China’s stringent covid-19 lockdowns last year curbed air pollution in many of its cities in a short-lived clean-up estimated to have avoided thousands of deaths. Now, it appears the clearer skies also brought forward China’s spring bloom by around eight days, and led to so much vegetation growth that the country was almost a fifth “greener” than in recent years.
Fenzhen Su at the Chinese Academy of Sciences and his colleagues used mobile phone location data from technology firm Baidu as a proxy for how much people in large cities were moving around from January to April 2020. Movement dropped by more than half between 23 January and 9 February on pre-pandemic levels, and only began to recover to near-normal levels in mid-March.
The team then combined that mobility index with data on nitrogen dioxide – an air pollutant mostly produced by cars – and satellite data on the haziness of the air, the extent of leaf cover and how much sunlight was getting to vegetation for photosynthesis.
The spring months of 2020 were found to have more sunlight than previous years, with the biggest relative change occurring between January and February – the same time as the peak of covid-19 restrictions.

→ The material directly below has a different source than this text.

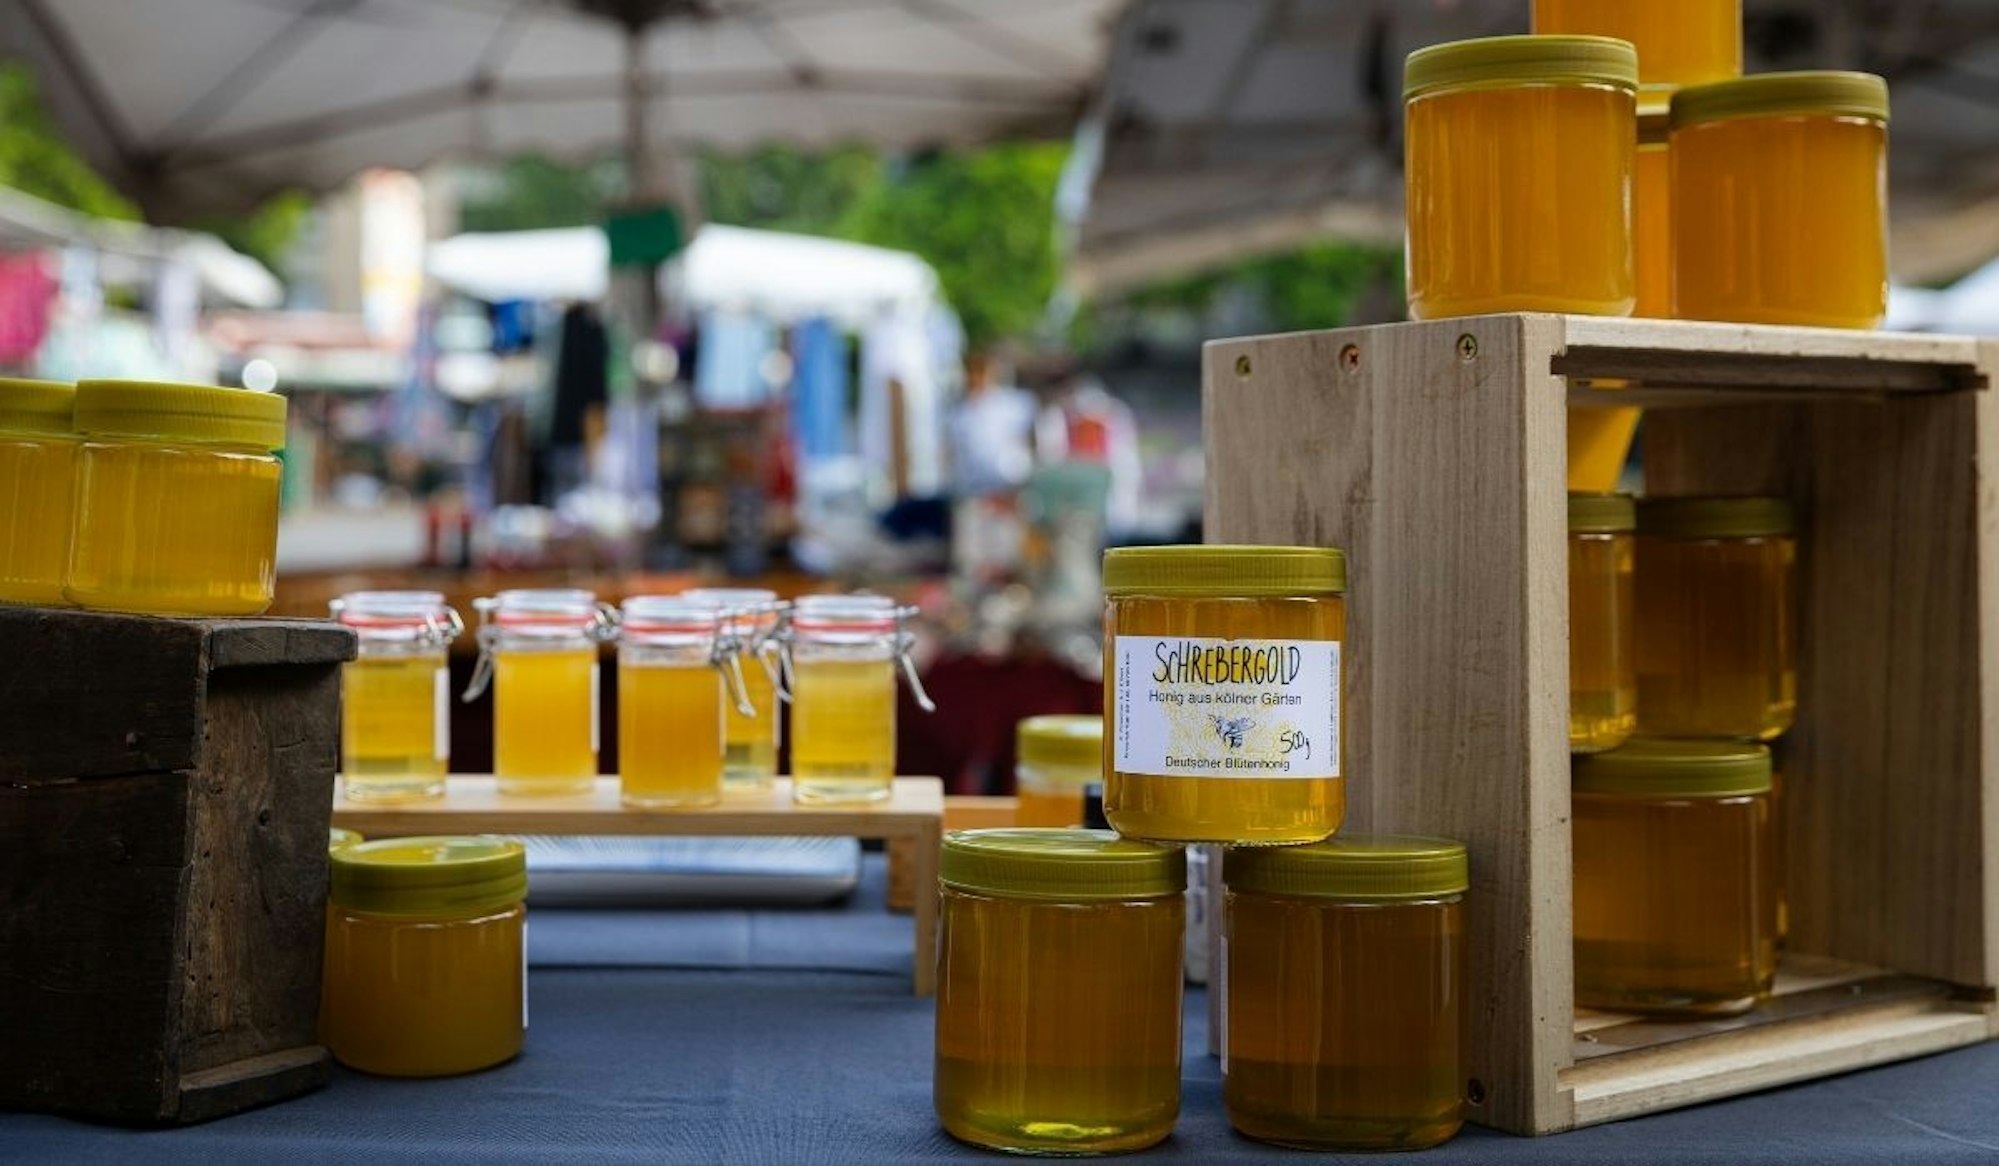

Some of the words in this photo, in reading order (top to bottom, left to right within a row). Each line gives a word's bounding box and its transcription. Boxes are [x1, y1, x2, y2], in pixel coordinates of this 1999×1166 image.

Across China as a whole, there was estimated to be 17 per cent more “greenness” than the five previous years, as measured by an index of leaf cover per unit of land. Based on that index, the spring bloom arrived 8.4 days earlier than the average date of 6 April for 2015 to 2019.
The authors say the timing of the changes matching up with lockdowns suggests that the reductions in air pollution boosted photosynthesis. They say their findings are evidence for the speed with which nature can bounce back across a large area when human pressures are lifted – even if it was only temporary this time.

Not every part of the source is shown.